Strategic differences between Tier 1 and Tier 2




Under the Securities Act of 1933 all offerings must be registered with the SEC or be exempt from such registration. Regulation A contains rules that provide exemption from the registration requirements. It's main purpose is to allow small and medium sized companies to access more capital because cost for registration with SEC are to high and only accredited investors are allowed to participate on the offering. On March 25, 2015 Securities and Exchange Commission adopted final rules to implement Section 401 of Jumpstart Our Business Startaps (JOBS) Act. As a results Reg A was split into two different tiers. Tier 1 for securities offering of up to $20 million in one year period and Tier 2 for securities offering of up to $50 million in a one year period.

The final rules for offerings under Tier 1 and Tier 2 are built up on already existing Reg A, with some modifications. Both Tiers must meet certain basic requirements like company eligibility requirements, bad actor disqualification provision, disclosure and other matters. Additional requirements apply to Tier 2. What they have in common is that both offerings can be marketed anywhere and to all investors but the issuing company must be U.S or Canada based and no SEC registered company. Blank check companies and companies that failed to make previous required filings are also excluded. When it comes to types of securities "ordinary" debt and equity are allowed without asset - backed securities. Also SVPs are not allowed; all investors appear in capitalization table. Tier 1 and Tier 2 have to file offering circular containing mandated disclosure with a SEC as well as Form 1-A. Reg A allows for securities to be resold; they are freely tradable. 

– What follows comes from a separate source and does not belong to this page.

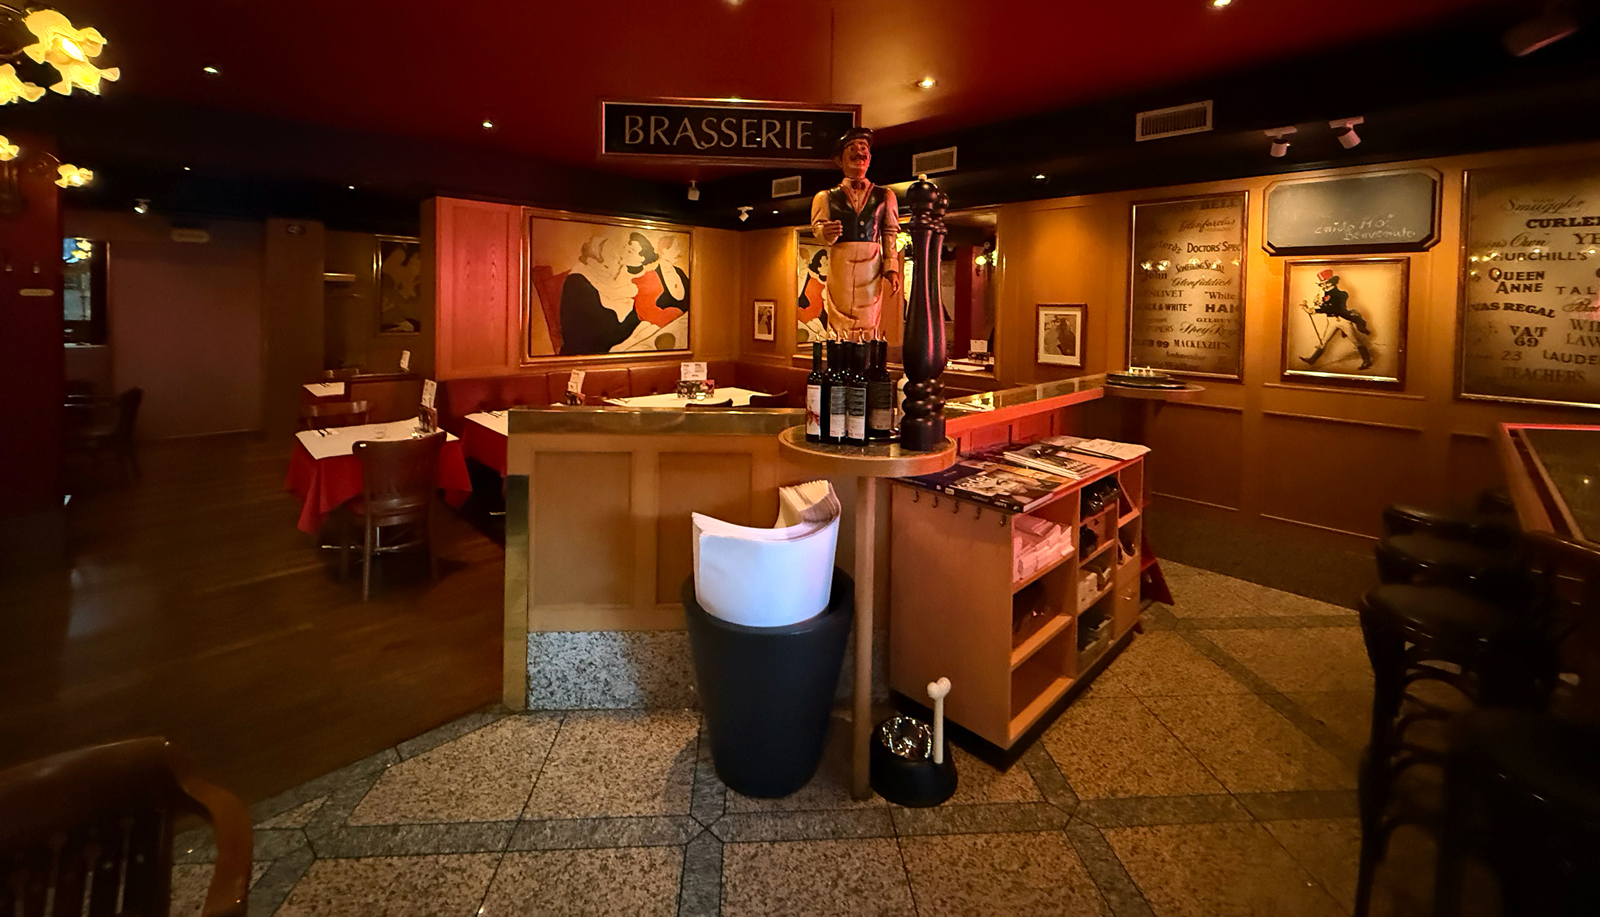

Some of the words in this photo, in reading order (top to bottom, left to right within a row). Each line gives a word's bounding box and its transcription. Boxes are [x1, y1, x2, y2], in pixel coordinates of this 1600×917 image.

Besides the difference is the offering size, with Tier 1 can include $6 million by a selling shareholder and Tier 2 can include $15 million by a selling shareholder. There are no limits on investment amount in Tier 1 but Tier 2 they are limited to 10% of income or net worth per offering, however there are no limits for accredited investors. In Tier 1,offering must be register and qualify in any state in which they seek to offer or sell securities. just like the SEC must review, comment and declared the offering as qualifying. In contrast Tier 2 offering doesn't have to qualify with states securities regulators, just with The Commission and in that way Tier 2 is partly exempt from Blue sky law but it still remains a subject to antifraud rules. On the other hand Tier 1 offerings have to provide only a report on the final status of the offering while Tier 2 offering must provide annual, semi-annual, current reports and audited financials.It is similar with use of offering materials outside mandate disclosure; "test the waters" material is permitted but with Tier 2 all solicitation material must be filed with SEC but they don't have to comply with state requirements like with Tier 1 offerings.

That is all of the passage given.